俺は声をかけようとしたが、カインの表情を見て、言葉を飲み込んだ。
半年間、彼はこの学園を守るために戦い続けてきた。
学園を取り壊そうとする輩から学園を守り、不安を抱える子どもたちに安心を与え、学びの場を維持するために力を尽くした。
その重圧は計り知れない。もしかすると、彼はもう疲れてしまったのかもしれない。戦う気力を失ってしまったのかもしれない。
「……」
カインは静かに息をつき、腕を組んだまま微動だにしない。彼の心の中にある葛藤を、俺はただ見守るしかなかった。
※※※
俺は学園の中庭で一人、じっと空を見上げていた。
昨夜、カイルから戦うことを提案された。
今までは、戦うことに迷いなどなかった。
子どもたちを守るため、学園を壊そうとする連中を追い払うため、そして何より、ここを自分の居場所だと認めさせるために、剣を握り続けてきた。
だが、今は違う。
学園は正式に国に認められ、修繕も始まった。
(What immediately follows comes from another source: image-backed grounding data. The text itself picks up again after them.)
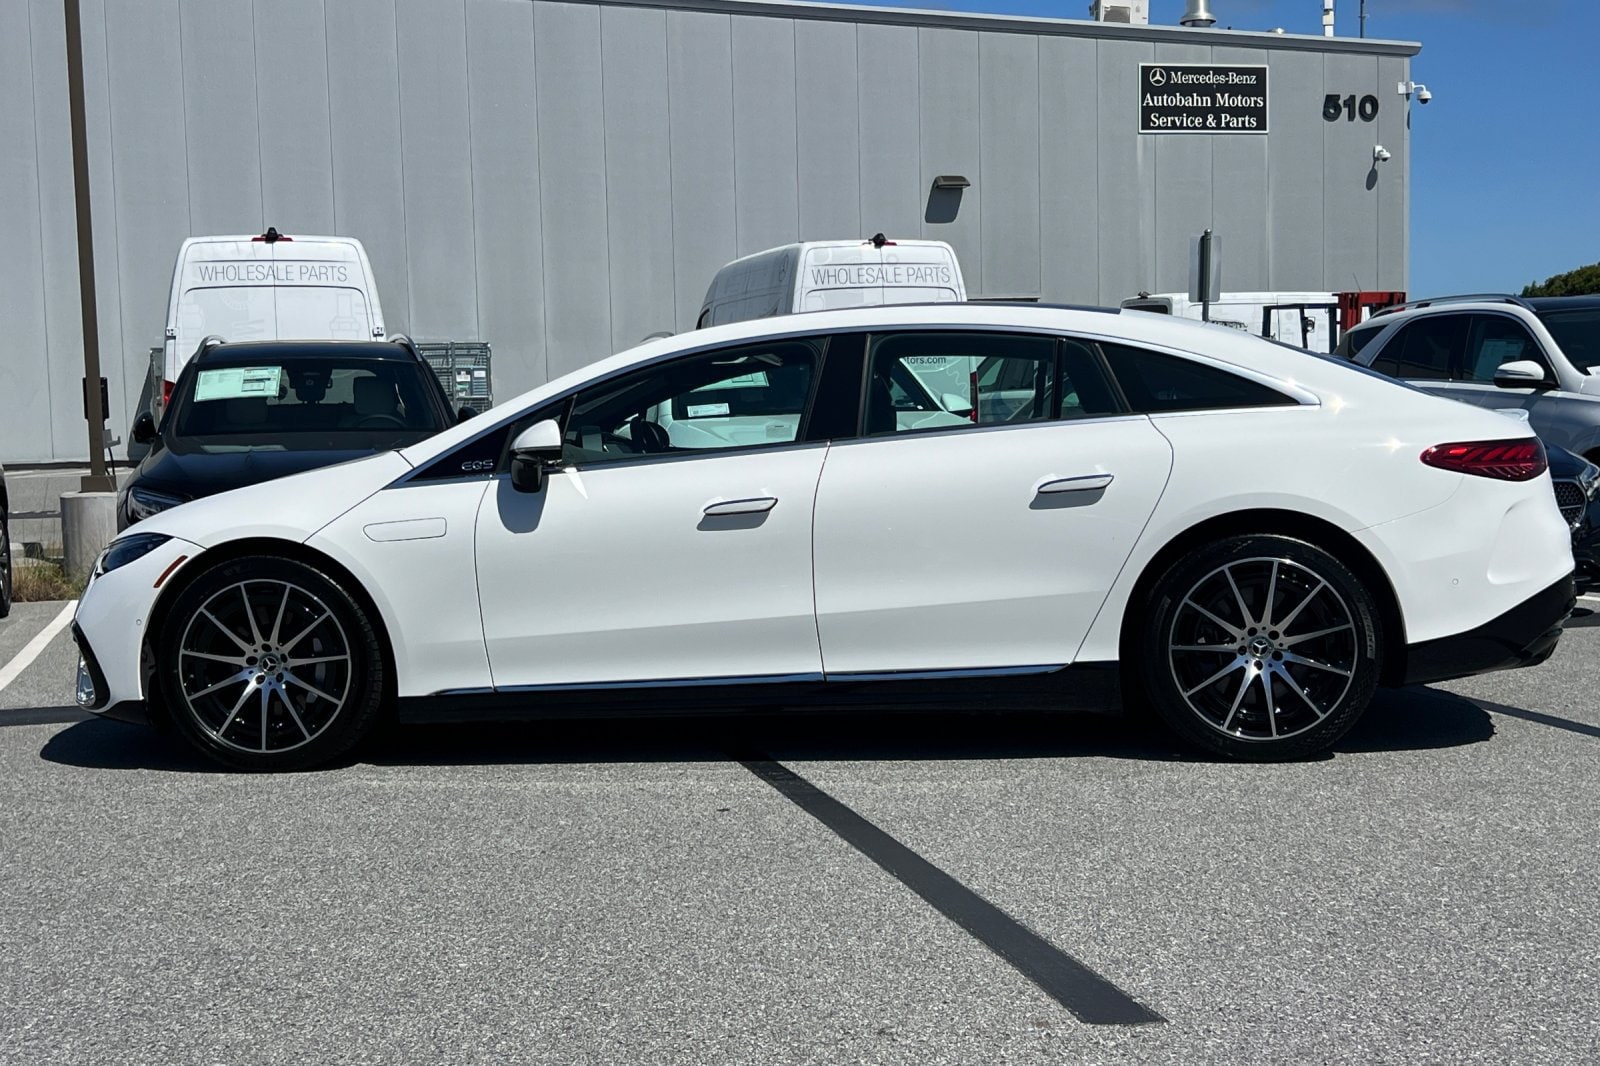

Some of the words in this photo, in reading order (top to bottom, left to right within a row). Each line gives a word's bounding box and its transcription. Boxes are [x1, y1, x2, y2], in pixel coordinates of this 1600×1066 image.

[1170, 70, 1257, 85] Mercedes-Benz
[1142, 92, 1211, 107] Autobahn
[1215, 93, 1264, 107] Motors
[1323, 94, 1379, 122] 510
[1150, 112, 1203, 127] Service
[1206, 113, 1217, 127] &
[1220, 113, 1257, 128] Parts
[199, 264, 294, 282] WHOLESALE
[299, 264, 348, 283] PARTS
[811, 267, 903, 285] WHOLESALE
[907, 266, 951, 284] PARTS
[904, 356, 947, 366] tors.com
[461, 459, 494, 471] EQS
子どもたちも魔法や剣術を学び、強くなった。
何より、これからは国の支援がある。もう、俺が居なくても学園は守られる。
——ならば、俺が戦う理由はもう、どこにもないのではないか?
そんな考えが頭をよぎるたび、胸の奥にぽっかりと穴が開いたような気がした。
学園のために戦うことは、俺にとって誇りだった。
だが、それがなくなった今、俺は何を目指せばいい?
戸惑いを抱えたまま、俺は目の前の光景を眺める。
学園の校庭では生徒たちが剣を振るっていた。
「……」
気がつけば、俺は彼らをじっと見つめていた。
訓練に励む生徒たち。
誰もが真剣な眼差しで、必死に剣を振るい、魔法を操る。
子どもたちは確かに強くなった。
半年前、俺が初めてここに来たときよりも、遥かに逞しくなっている。
しかし、だからといって——
(あいつらが、外の世界で本当に生き抜けるのか……?)
ふと、そんな疑問が浮かぶ。
この学園の中では、彼らは守られている。だが、一歩外へ出れば、彼らを狙う悪意に満ちた世界が広がっている。
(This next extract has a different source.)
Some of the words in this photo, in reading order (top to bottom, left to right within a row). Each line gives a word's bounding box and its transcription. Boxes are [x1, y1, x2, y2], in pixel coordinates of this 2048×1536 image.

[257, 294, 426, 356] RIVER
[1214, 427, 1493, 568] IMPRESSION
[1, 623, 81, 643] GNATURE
学園が正式に認められたことで、貴族の子どもたちも入学してくるだろう。身分の違いに戸惑う者も出るかもしれない。嫉妬や軋轢が生まれる可能性だってある。
学園の中だけで強くなったつもりでも、外の世界はそれほど甘くはない。
「まだ……足りないかもしれないな……」
俺はポツリと呟いた。
学園を守る戦いは終わった。
だが、彼らが自分の力で未来を切り拓けるようになるまで——俺は、まだ戦うべきなのではないか?
「やっと、考えがまとまったようですね。」
不意に後ろから声がした。
振り向くと、カイルが笑みを浮かべて立っている。
「……カイル君、いつからいたんだ?」
「最初から居ましたよ?カインさんがまだ悩んでいるようなので見てました。」
カイルはいつもの調子で肩をすくめると、俺の隣に立ち、訓練する生徒たちを見つめた。
「学園が国に認められて、もう大丈夫だと思ってましたか?」
「……そう思いたかったさ」
「でも、まだ足りないと思ったんですよね」
俺は無言のまま、訓練場の光景を見つめる。
「学園は守られました。でも、ここはあくまで学ぶ場であって、ゴールじゃない。いつか彼らが学園を出るとき、その先の世界で生きていけるかどうか……それはまだ分からない」
カイルの言葉に、俺は息を呑む。
「だからこそ、カインさんが戦う意味はあると思いますよ」
「……俺が?」
「カインさんがこの半年でやってきたことは、学園を守ることだけじゃない。あの子たちを強くしたのも、カインさんの力です。だったら、その未来を守ることも、カインさんにできるんじゃないですか?」
俺は再び、生徒たちを見つめた。
……あいつらが、この先どんな未来を歩むのか。
俺には分からない。
だが、一つだけ分かることがある。
この半年間、俺は彼らのために戦ってきた。
それはもう終わった、と思っていた。
でも、それは間違いだった。
子どもたちが本当の意味で独り立ちし、外の世界で生きていけるようになるまで——
「……まったく、君は本当に、面倒なことばっかり言うな」
苦笑しながら、俺は剣を握る。
「だが、確かに……もう少しだけ、この剣を振るうのも悪くないかもしれないな」
カイルは満足そうに笑った。
そうだ。
俺の戦いは、まだ終わっていない。